__Work instructions__.
Down to the last character, repeat the data that follows.

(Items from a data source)
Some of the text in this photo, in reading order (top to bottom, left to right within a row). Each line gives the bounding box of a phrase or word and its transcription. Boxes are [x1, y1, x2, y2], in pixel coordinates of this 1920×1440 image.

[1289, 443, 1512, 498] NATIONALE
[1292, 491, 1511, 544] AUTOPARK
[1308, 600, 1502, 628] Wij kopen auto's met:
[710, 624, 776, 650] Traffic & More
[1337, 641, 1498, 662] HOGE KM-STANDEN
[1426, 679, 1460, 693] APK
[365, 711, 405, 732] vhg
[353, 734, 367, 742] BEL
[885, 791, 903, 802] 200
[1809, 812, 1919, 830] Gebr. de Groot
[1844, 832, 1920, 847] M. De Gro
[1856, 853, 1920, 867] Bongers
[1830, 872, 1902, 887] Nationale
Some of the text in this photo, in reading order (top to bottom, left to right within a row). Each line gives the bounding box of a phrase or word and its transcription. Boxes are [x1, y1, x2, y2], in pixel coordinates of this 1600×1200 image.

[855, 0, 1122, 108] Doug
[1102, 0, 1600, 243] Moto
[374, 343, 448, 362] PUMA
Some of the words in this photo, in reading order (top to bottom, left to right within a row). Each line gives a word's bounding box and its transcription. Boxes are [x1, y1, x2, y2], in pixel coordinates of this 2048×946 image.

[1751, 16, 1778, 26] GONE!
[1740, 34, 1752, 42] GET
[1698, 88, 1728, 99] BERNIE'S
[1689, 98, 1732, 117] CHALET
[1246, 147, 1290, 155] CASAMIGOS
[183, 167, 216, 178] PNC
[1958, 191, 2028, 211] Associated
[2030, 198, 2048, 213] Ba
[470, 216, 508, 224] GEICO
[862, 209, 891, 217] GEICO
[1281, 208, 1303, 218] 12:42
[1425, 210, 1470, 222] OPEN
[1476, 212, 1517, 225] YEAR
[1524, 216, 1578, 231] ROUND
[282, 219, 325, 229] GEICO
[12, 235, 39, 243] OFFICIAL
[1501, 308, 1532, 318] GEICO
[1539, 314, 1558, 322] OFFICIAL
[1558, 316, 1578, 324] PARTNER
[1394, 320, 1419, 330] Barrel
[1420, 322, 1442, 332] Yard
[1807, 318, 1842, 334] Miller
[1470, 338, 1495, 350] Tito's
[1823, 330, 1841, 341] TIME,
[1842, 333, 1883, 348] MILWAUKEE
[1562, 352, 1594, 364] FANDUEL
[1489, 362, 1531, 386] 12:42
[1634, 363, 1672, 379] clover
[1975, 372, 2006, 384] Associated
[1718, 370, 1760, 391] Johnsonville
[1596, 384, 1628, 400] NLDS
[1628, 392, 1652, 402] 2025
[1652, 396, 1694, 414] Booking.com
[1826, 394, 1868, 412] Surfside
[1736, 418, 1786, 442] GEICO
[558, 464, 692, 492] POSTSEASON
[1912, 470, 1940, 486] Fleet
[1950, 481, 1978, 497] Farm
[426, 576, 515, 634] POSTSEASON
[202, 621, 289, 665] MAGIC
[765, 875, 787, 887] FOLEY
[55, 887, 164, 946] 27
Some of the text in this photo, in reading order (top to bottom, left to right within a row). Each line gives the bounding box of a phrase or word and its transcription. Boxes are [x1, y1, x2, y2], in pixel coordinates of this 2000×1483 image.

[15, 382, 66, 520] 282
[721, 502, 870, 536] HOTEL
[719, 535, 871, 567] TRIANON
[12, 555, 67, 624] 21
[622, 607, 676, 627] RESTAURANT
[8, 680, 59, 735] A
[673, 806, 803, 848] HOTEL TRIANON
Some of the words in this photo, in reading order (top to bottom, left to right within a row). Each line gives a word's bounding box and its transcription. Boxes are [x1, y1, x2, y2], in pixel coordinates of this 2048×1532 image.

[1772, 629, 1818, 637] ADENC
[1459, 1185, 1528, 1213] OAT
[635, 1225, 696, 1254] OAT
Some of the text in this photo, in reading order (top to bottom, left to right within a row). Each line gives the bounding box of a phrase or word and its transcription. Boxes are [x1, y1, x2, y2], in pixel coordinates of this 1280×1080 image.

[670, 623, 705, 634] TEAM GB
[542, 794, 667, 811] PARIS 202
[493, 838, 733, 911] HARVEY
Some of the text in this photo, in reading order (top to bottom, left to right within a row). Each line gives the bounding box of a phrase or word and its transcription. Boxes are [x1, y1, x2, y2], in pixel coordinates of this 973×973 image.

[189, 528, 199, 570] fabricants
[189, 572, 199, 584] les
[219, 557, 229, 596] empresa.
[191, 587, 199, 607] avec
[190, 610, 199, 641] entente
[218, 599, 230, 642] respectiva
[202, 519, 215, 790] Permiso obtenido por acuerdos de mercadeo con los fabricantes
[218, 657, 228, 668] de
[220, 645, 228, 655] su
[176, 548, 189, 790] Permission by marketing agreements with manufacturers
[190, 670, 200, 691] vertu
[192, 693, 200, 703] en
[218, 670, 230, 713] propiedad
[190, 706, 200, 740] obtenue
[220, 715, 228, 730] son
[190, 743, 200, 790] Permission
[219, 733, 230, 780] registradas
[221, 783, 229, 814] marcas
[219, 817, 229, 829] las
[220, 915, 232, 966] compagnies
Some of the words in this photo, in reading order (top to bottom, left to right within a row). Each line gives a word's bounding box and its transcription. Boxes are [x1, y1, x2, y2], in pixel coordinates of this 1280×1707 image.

__Response to the exercise__.
Some of the text in this photo, in reading order (top to bottom, left to right within a row). Each line gives the bounding box of a phrase or word and its transcription. Boxes are [x1, y1, x2, y2], in pixel coordinates of this 1920×1440 image.

[1289, 443, 1512, 498] NATIONALE
[1292, 491, 1511, 544] AUTOPARK
[1308, 600, 1502, 628] Wij kopen auto's met:
[710, 624, 776, 650] Traffic & More
[1337, 641, 1498, 662] HOGE KM-STANDEN
[1426, 679, 1460, 693] APK
[365, 711, 405, 732] vhg
[353, 734, 367, 742] BEL
[885, 791, 903, 802] 200
[1809, 812, 1919, 830] Gebr. de Groot
[1844, 832, 1920, 847] M. De Gro
[1856, 853, 1920, 867] Bongers
[1830, 872, 1902, 887] Nationale
Some of the text in this photo, in reading order (top to bottom, left to right within a row). Each line gives the bounding box of a phrase or word and its transcription. Boxes are [x1, y1, x2, y2], in pixel coordinates of this 1600×1200 image.

[855, 0, 1122, 108] Doug
[1102, 0, 1600, 243] Moto
[374, 343, 448, 362] PUMA
Some of the words in this photo, in reading order (top to bottom, left to right within a row). Each line gives a word's bounding box and its transcription. Boxes are [x1, y1, x2, y2], in pixel coordinates of this 2048×946 image.

[1751, 16, 1778, 26] GONE!
[1740, 34, 1752, 42] GET
[1698, 88, 1728, 99] BERNIE'S
[1689, 98, 1732, 117] CHALET
[1246, 147, 1290, 155] CASAMIGOS
[183, 167, 216, 178] PNC
[1958, 191, 2028, 211] Associated
[2030, 198, 2048, 213] Ba
[470, 216, 508, 224] GEICO
[862, 209, 891, 217] GEICO
[1281, 208, 1303, 218] 12:42
[1425, 210, 1470, 222] OPEN
[1476, 212, 1517, 225] YEAR
[1524, 216, 1578, 231] ROUND
[282, 219, 325, 229] GEICO
[12, 235, 39, 243] OFFICIAL
[1501, 308, 1532, 318] GEICO
[1539, 314, 1558, 322] OFFICIAL
[1558, 316, 1578, 324] PARTNER
[1394, 320, 1419, 330] Barrel
[1420, 322, 1442, 332] Yard
[1807, 318, 1842, 334] Miller
[1470, 338, 1495, 350] Tito's
[1823, 330, 1841, 341] TIME,
[1842, 333, 1883, 348] MILWAUKEE
[1562, 352, 1594, 364] FANDUEL
[1489, 362, 1531, 386] 12:42
[1634, 363, 1672, 379] clover
[1975, 372, 2006, 384] Associated
[1718, 370, 1760, 391] Johnsonville
[1596, 384, 1628, 400] NLDS
[1628, 392, 1652, 402] 2025
[1652, 396, 1694, 414] Booking.com
[1826, 394, 1868, 412] Surfside
[1736, 418, 1786, 442] GEICO
[558, 464, 692, 492] POSTSEASON
[1912, 470, 1940, 486] Fleet
[1950, 481, 1978, 497] Farm
[426, 576, 515, 634] POSTSEASON
[202, 621, 289, 665] MAGIC
[765, 875, 787, 887] FOLEY
[55, 887, 164, 946] 27
Some of the text in this photo, in reading order (top to bottom, left to right within a row). Each line gives the bounding box of a phrase or word and its transcription. Boxes are [x1, y1, x2, y2], in pixel coordinates of this 2000×1483 image.

[15, 382, 66, 520] 282
[721, 502, 870, 536] HOTEL
[719, 535, 871, 567] TRIANON
[12, 555, 67, 624] 21
[622, 607, 676, 627] RESTAURANT
[8, 680, 59, 735] A
[673, 806, 803, 848] HOTEL TRIANON
Some of the words in this photo, in reading order (top to bottom, left to right within a row). Each line gives a word's bounding box and its transcription. Boxes are [x1, y1, x2, y2], in pixel coordinates of this 2048×1532 image.

[1772, 629, 1818, 637] ADENC
[1459, 1185, 1528, 1213] OAT
[635, 1225, 696, 1254] OAT
Some of the text in this photo, in reading order (top to bottom, left to right within a row). Each line gives the bounding box of a phrase or word and its transcription. Boxes are [x1, y1, x2, y2], in pixel coordinates of this 1280×1080 image.

[670, 623, 705, 634] TEAM GB
[542, 794, 667, 811] PARIS 202
[493, 838, 733, 911] HARVEY
Some of the text in this photo, in reading order (top to bottom, left to right within a row). Each line gives the bounding box of a phrase or word and its transcription. Boxes are [x1, y1, x2, y2], in pixel coordinates of this 973×973 image.

[189, 528, 199, 570] fabricants
[189, 572, 199, 584] les
[219, 557, 229, 596] empresa.
[191, 587, 199, 607] avec
[190, 610, 199, 641] entente
[218, 599, 230, 642] respectiva
[202, 519, 215, 790] Permiso obtenido por acuerdos de mercadeo con los fabricantes
[218, 657, 228, 668] de
[220, 645, 228, 655] su
[176, 548, 189, 790] Permission by marketing agreements with manufacturers
[190, 670, 200, 691] vertu
[192, 693, 200, 703] en
[218, 670, 230, 713] propiedad
[190, 706, 200, 740] obtenue
[220, 715, 228, 730] son
[190, 743, 200, 790] Permission
[219, 733, 230, 780] registradas
[221, 783, 229, 814] marcas
[219, 817, 229, 829] las
[220, 915, 232, 966] compagnies
Some of the words in this photo, in reading order (top to bottom, left to right within a row). Each line gives a word's bounding box and its transcription. Boxes are [x1, y1, x2, y2], in pixel coordinates of this 1280×1707 image.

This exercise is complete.